**Your instructions**
In the copy, include every record below exactly as it appears, but no pictures.

'''

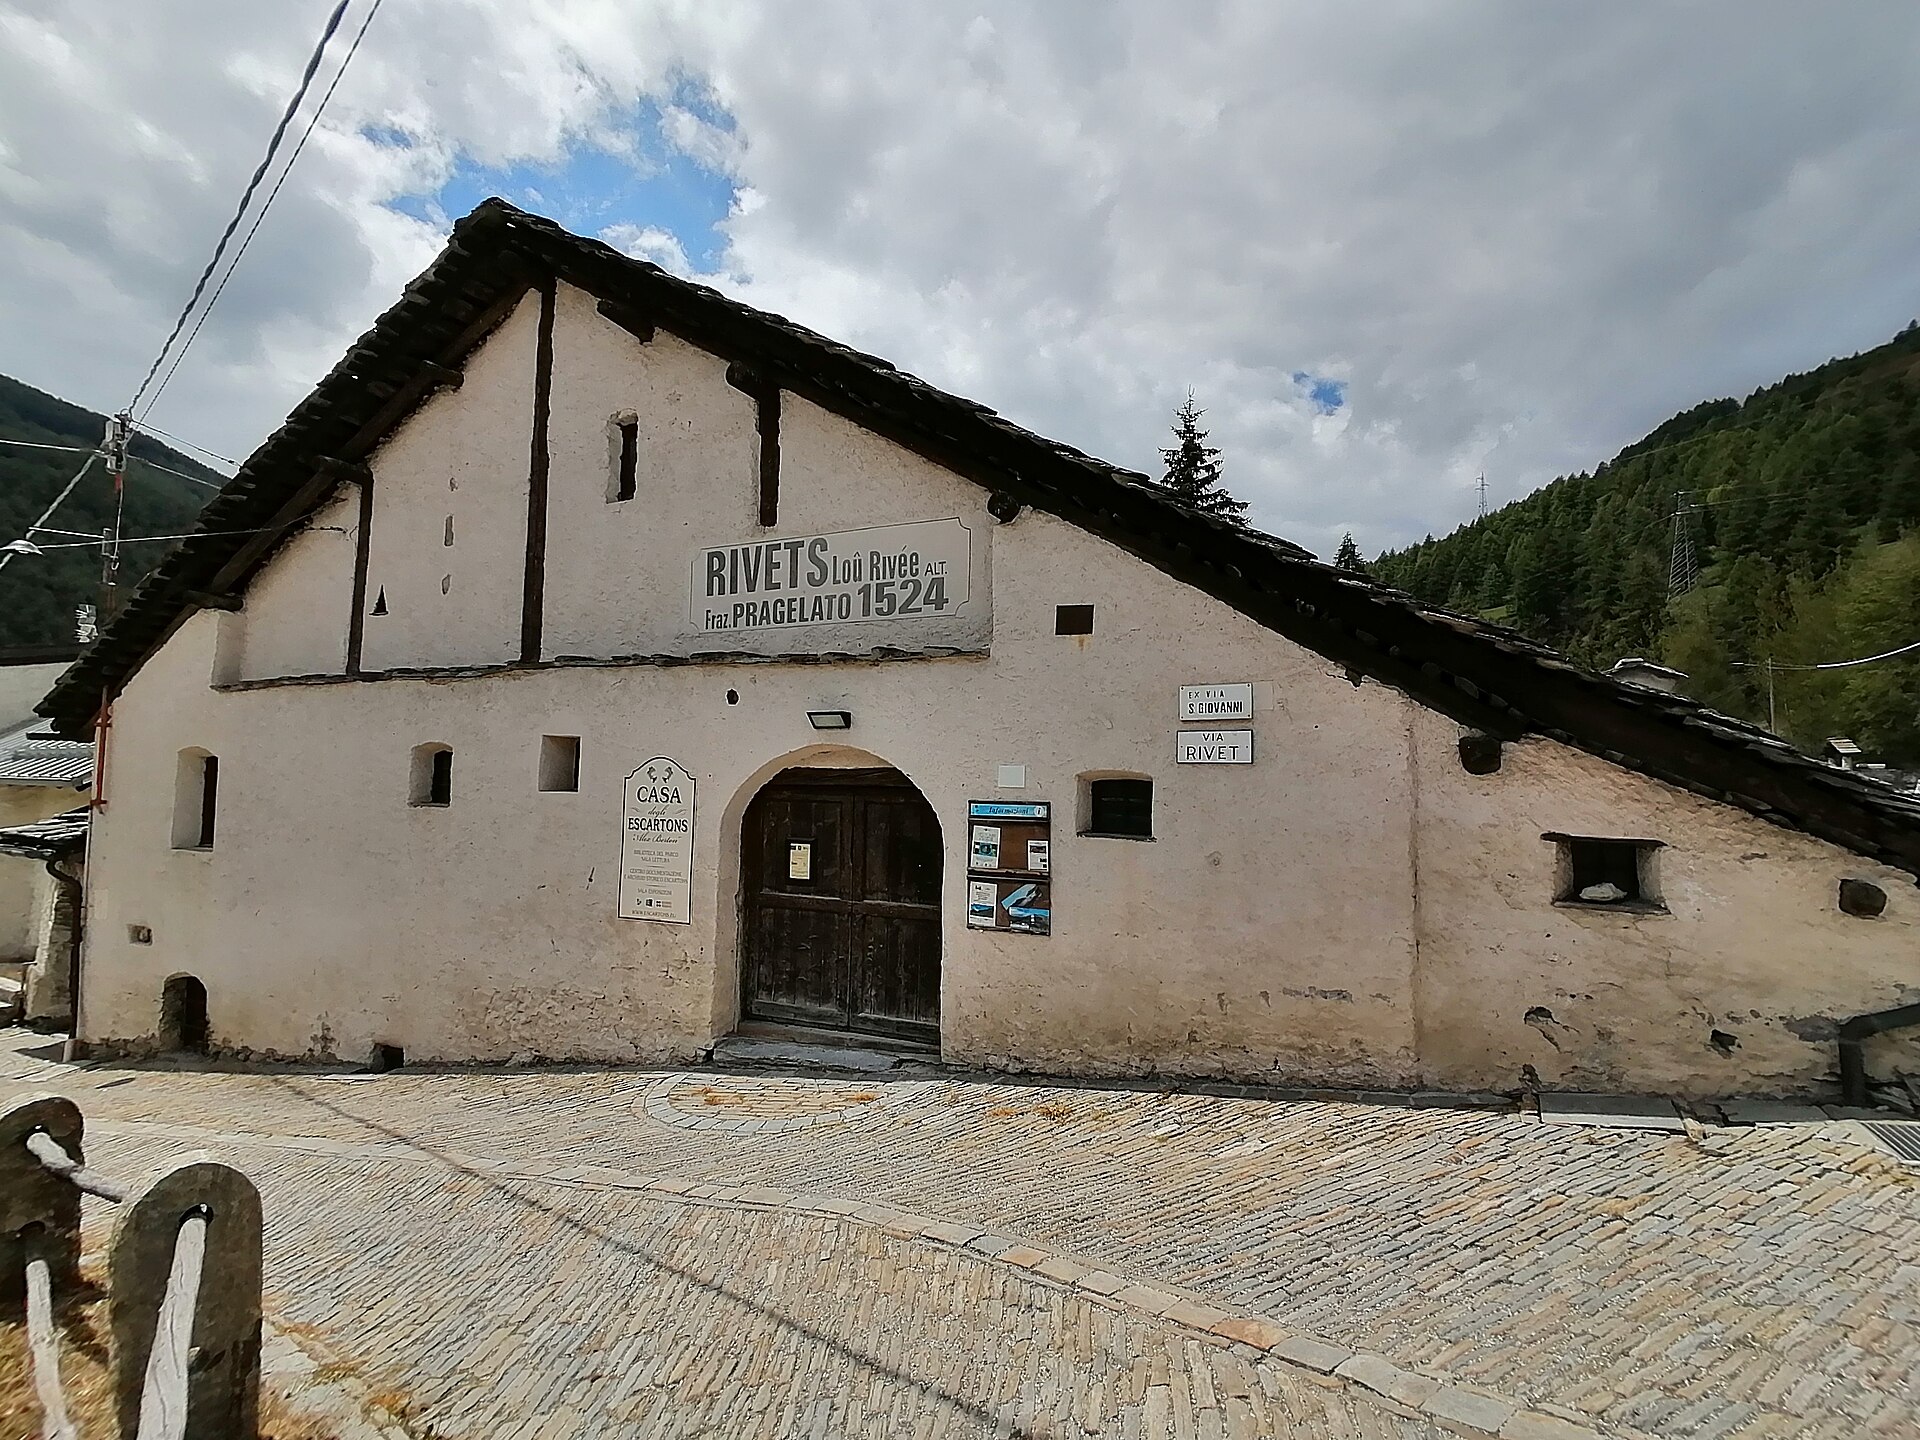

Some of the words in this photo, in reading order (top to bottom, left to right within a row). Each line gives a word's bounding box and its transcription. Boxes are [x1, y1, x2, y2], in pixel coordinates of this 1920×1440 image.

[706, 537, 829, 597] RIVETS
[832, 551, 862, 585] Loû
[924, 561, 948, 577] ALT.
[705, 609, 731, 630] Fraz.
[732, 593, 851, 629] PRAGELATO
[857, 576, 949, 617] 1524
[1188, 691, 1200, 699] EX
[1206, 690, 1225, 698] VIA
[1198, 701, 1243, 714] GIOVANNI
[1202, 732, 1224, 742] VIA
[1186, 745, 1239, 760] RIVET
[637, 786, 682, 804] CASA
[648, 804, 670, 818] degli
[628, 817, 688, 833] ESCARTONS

'''

**Response**
Some of the words in this photo, in reading order (top to bottom, left to right within a row). Each line gives a word's bounding box and its transcription. Boxes are [x1, y1, x2, y2], in pixel coordinates of this 1920×1440 image.

[706, 537, 829, 597] RIVETS
[832, 551, 862, 585] Loû
[924, 561, 948, 577] ALT.
[705, 609, 731, 630] Fraz.
[732, 593, 851, 629] PRAGELATO
[857, 576, 949, 617] 1524
[1188, 691, 1200, 699] EX
[1206, 690, 1225, 698] VIA
[1198, 701, 1243, 714] GIOVANNI
[1202, 732, 1224, 742] VIA
[1186, 745, 1239, 760] RIVET
[637, 786, 682, 804] CASA
[648, 804, 670, 818] degli
[628, 817, 688, 833] ESCARTONS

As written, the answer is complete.